Taking a few minutes from the game, 24-year-old Pema Chedup admits to a growing sense of frustration as he stares into an uncertain future. “I have parents to look after by me. So if I don’t have job, I am a bit worried, how can I look after parents?” he asked.
He is not alone in calling for faster development in a country that has remained isolated from the world and has set its unique benchmark of measuring progress in terms of Gross National Happiness (GNH) rather than Gross Domestic Product (GDP).
On the surface, Thimphu is an idyllic home of its 90,000 residents. Charming, traditional homes dot the lush, tree-covered mountains and a gentle river flows by the city. But the scenic beauty cannot mask the growing sense of impatience among an aspirational young generation as the Himalayan country struggles to create jobs. Besides tourism and hydropower generation, there is virtually no industry or private sector in Bhutan.
At a crossroads
As she guides visitors through a museum showcasing traditional culture, 19-year-old Tashi Pelden counts herself among the fortunate few. “It is so difficult for us to search, get jobs. I am lucky. I think I am so lucky,” she said.
Unlike an older generation, Bhutan's youth are closely plugged into the outside world. Television arrived in 1999, beaming images from around the world. Mobile telephones became more readily available in 2003, giving Bhutan its first social-media-savvy generation.
Caught at the crossroads, these young people do not want their country to be stuck in a time warp. The traditional occupation of tilling mountain farms or making handicrafts is clearly not a priority with many who have studied in schools around the cities.
Policymakers in the young democracy admit that youth unemployment poses a significant challenge as the mountain country of about 750,000 people undergoes a social transition of a kind other Asian countries witnessed decades ago.
Pointing to about 100,000 people who have come from neighboring India to work on roads and other projects, the head of the Center of Bhutan Studies and GNH Research, Dasho Karma Ura, said there is no shortage of jobs.
The real problem, he said, is generating the right kind of jobs.
“There is growing search for jobs in urban areas, white-collar office jobs," he said. "We are unable to create that which fits the young people’s aspirations.”
Some of those youth, like Sonam Dendup, are setting their sights elsewhere.
“[Bhutan] should be more developed in terms of facilities, in terms of guiding youngsters so they won't be jobless like us,” he frets, explaining his rationale for securing a New Zealand visa. He doesn't just want a job, he wants a country that fosters entrepreneurship for a young, restless generation.
Studies by the Center for Bhutan Studies and GNH Research show that, at the moment, rural areas are “less happy” than towns because they lack urban facilities, fueling migration into the two main cities, Thimphu and Paro.
Thirty-seven-year-old Tsering Dorje grows asparagus, apples, potatoes and chilies on a one-hectare farm near Paro. While his income is sufficient, he wants more money to help his six-year-old son acquire the skills to work in the city. “If he can successfully study and he get a job, it’s OK. I want to give him a job,” said Dorje.

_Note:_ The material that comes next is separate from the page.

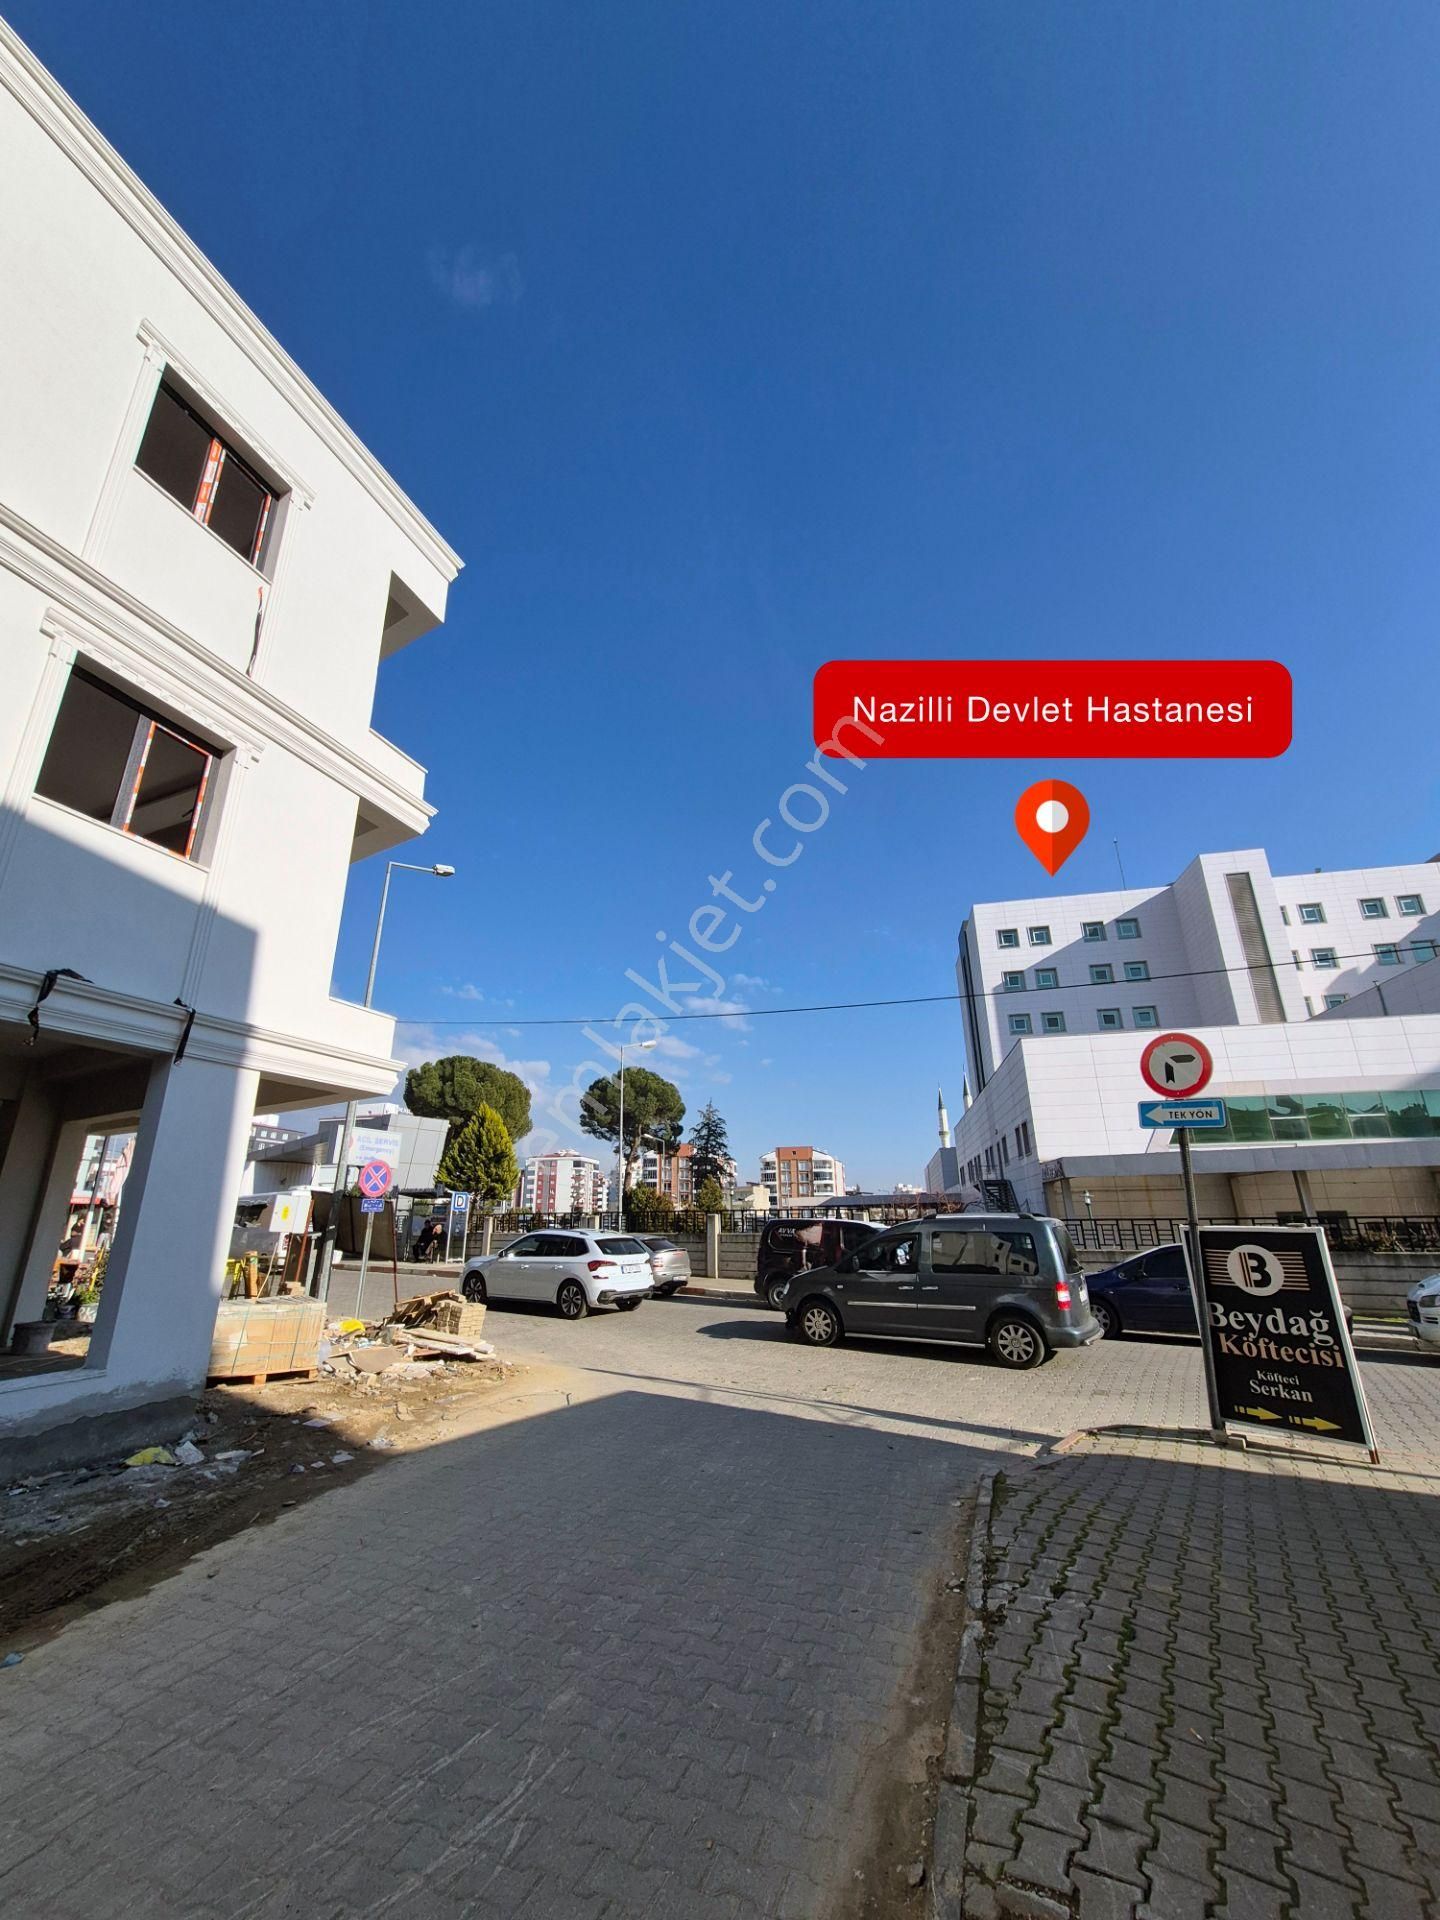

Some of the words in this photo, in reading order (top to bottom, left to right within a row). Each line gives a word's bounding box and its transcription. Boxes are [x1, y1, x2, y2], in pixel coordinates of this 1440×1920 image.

But Ura, the analyst, feels the lure of cities may be short-lived. “For the moment, urban areas will seemingly look happy, but vitality of community, cultural diversity, environmental quality, all these things will be in short supply in course of time in urban areas,” he said.
To stem the urban migration, he and others are calling for more investment in rural agriculture and industry. “We have to develop rural life, rural vitality, very quickly," he said. "I think the window is not going to remain so long, we have to get it right in next five years.”
Even as Bhutan debates the merits of city versus rural living, sooner rather than later, the world’s last Shangri-La will have to confront a daunting reality: how to balance the rising aspirations of its youth with its goal of happiness.
“If we have a job we can be happy, because we can stand on our own feet,” said Pema Chedup, looking around at his friends, for whom the wait appears interminable, before rejoining the card game.
“More jobs is very important," he said. "Not only for me, but for all others.”